Each character from S can be includes in S2 or not. With that we can construct recursion that tries two cases:
and calculate minimum of these two covers. To implement this, it is enough to track how much of S is covered with already chosen S2+reverse(S2).
There are optimizations where we know what result is (found cover, can't have cover), and it is not needed to take first character for cover if it will not cover something.

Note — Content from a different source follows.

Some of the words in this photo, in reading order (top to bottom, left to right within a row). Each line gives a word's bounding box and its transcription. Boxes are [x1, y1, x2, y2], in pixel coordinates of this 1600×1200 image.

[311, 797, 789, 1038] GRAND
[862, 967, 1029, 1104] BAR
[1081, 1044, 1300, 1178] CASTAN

Simple python implementation:
cache = {}
def S2(S, to_cover):
if not to_cover: # Covered
return ''
if not S: # Not covered
return None
if len(to_cover) > 2*len(S): # Can't cover
return None
key = (S, to_cover)
if key not in cache:
without_char = S2(S[1:], to_cover) # Calculate with first character skipped
cache[key] = without_char
_f = to_cover[0] == S[0]
_l = to_cover[-1] == S[0]
if _f or _l:
# Calculate with first character used
with_char = S2(S[1:], to_cover[int(_f):len(to_cover)-int(_l)])
if with_char is not None:
with_char = S[0] + with_char # Append char to result
if without_char is None or len(with_char) <= len(without_char):
cache[key] = with_char
return cache[key]
s = '21211233123123213213131212122111312113221122132121221212321212112121321212121132'
c = S2(s, s)
print len(s), s
print len(c), c
Let's say that S2 is "apple". Then we can make this assumption:
S2 + reverseS2 >= S >= S2
"appleelppa" >= S >= "apple"
So the given S will something including "apple" to not more than "appleelppe". It could be "appleel" or "appleelpp".

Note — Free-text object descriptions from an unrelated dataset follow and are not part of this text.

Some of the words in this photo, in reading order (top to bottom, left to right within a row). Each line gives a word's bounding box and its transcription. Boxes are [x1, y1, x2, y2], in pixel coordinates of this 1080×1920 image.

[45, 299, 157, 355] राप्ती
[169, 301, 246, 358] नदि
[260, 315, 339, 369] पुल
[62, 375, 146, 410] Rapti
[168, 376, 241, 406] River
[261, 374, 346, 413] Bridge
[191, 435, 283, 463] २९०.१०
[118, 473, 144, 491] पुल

String S ="locomotiffitomoc";
// as you see S2 string is "locomotif" but
// we don't know S2 yet, so it's blank
String S2 = "";
for (int a=0; a<S.length(); a++) {
try {
int b = 0;
while (S.charAt(a - b) == S.charAt(a + b + 1))
b++;
// if this for loop breaks that means that there is a character that doesn't match the rule
// if for loop doesn't break but throws an exception we found it.
} catch (Exception e) {
// if StringOutOfBoundsException is thrown this means end of the string.
// you can check this manually of course.
S2 = S.substring(0,a+1);
break;
}
}
System.out.println(S2); // will print out "locomotif"
Congratulations, you found the minimum S2.